§ Free-text object descriptions:
*** Begin section ***

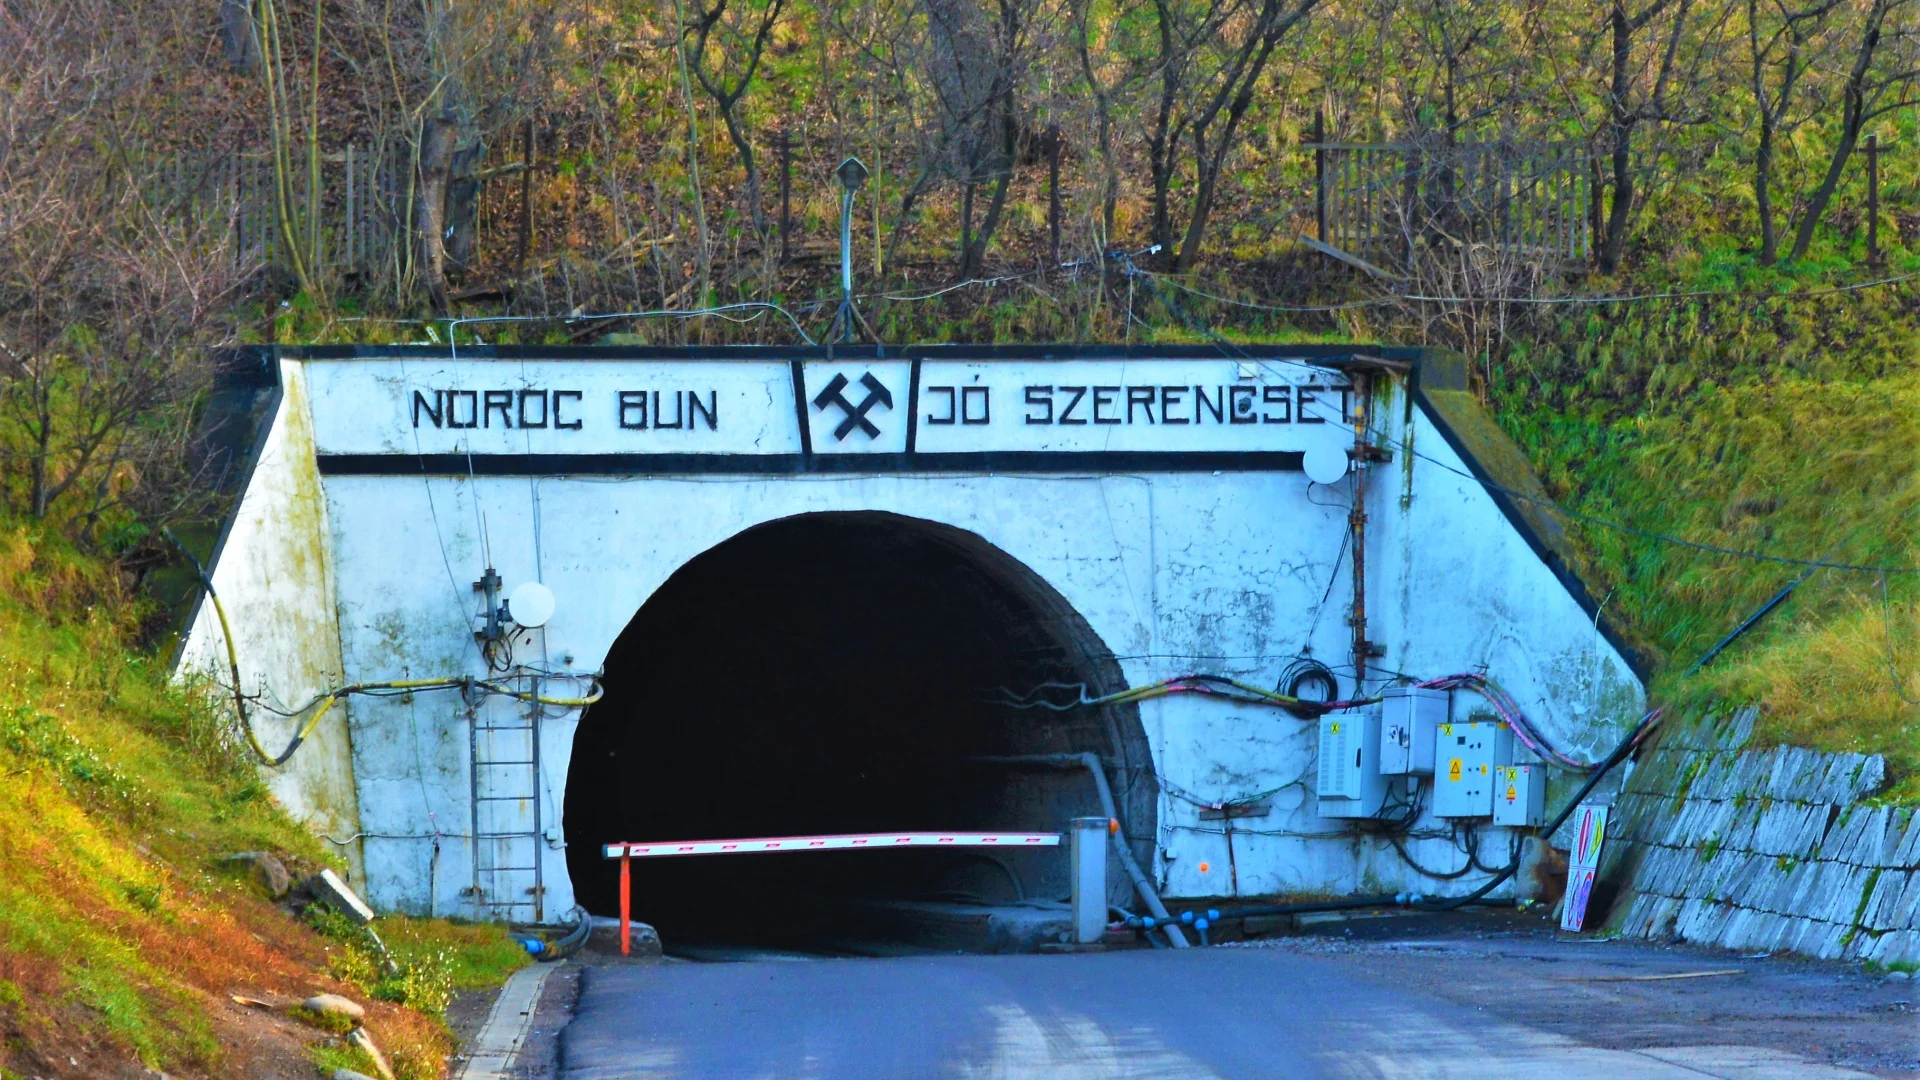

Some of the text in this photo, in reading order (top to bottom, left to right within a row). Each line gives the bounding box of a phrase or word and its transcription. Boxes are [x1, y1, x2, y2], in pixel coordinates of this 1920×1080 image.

[413, 389, 717, 431] NOROC BUN
[927, 373, 1354, 424] JÓ SZERENCSÉT
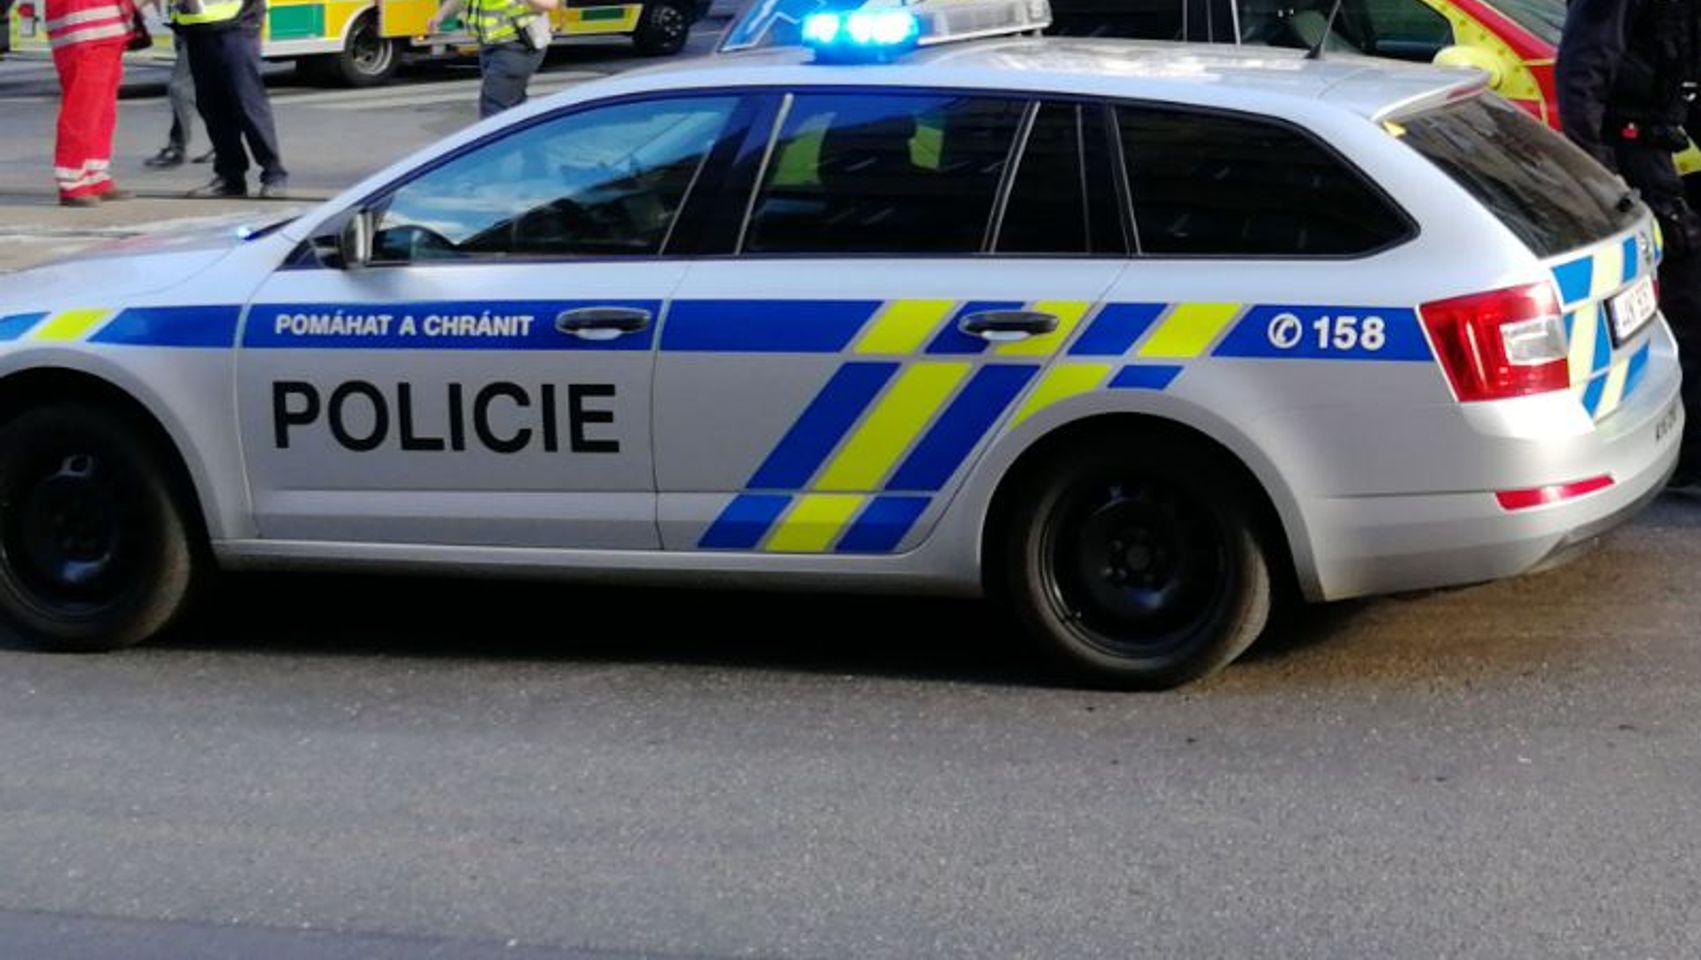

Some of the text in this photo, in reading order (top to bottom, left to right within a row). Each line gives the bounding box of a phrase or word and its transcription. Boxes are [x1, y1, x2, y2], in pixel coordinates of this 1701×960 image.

[274, 309, 535, 337] POMÁHAT A CHRÁNIT
[1312, 315, 1386, 351] 158
[272, 379, 620, 454] POLICIE

*** End section ***

§ Task details: If pictures appear in the data, omit them and copy all other parts exactly.

§ Your solution:
Some of the text in this photo, in reading order (top to bottom, left to right within a row). Each line gives the bounding box of a phrase or word and its transcription. Boxes are [x1, y1, x2, y2], in pixel coordinates of this 1920×1080 image.

[413, 389, 717, 431] NOROC BUN
[927, 373, 1354, 424] JÓ SZERENCSÉT

Some of the text in this photo, in reading order (top to bottom, left to right within a row). Each line gives the bounding box of a phrase or word and its transcription. Boxes are [x1, y1, x2, y2], in pixel coordinates of this 1701×960 image.

[274, 309, 535, 337] POMÁHAT A CHRÁNIT
[1312, 315, 1386, 351] 158
[272, 379, 620, 454] POLICIE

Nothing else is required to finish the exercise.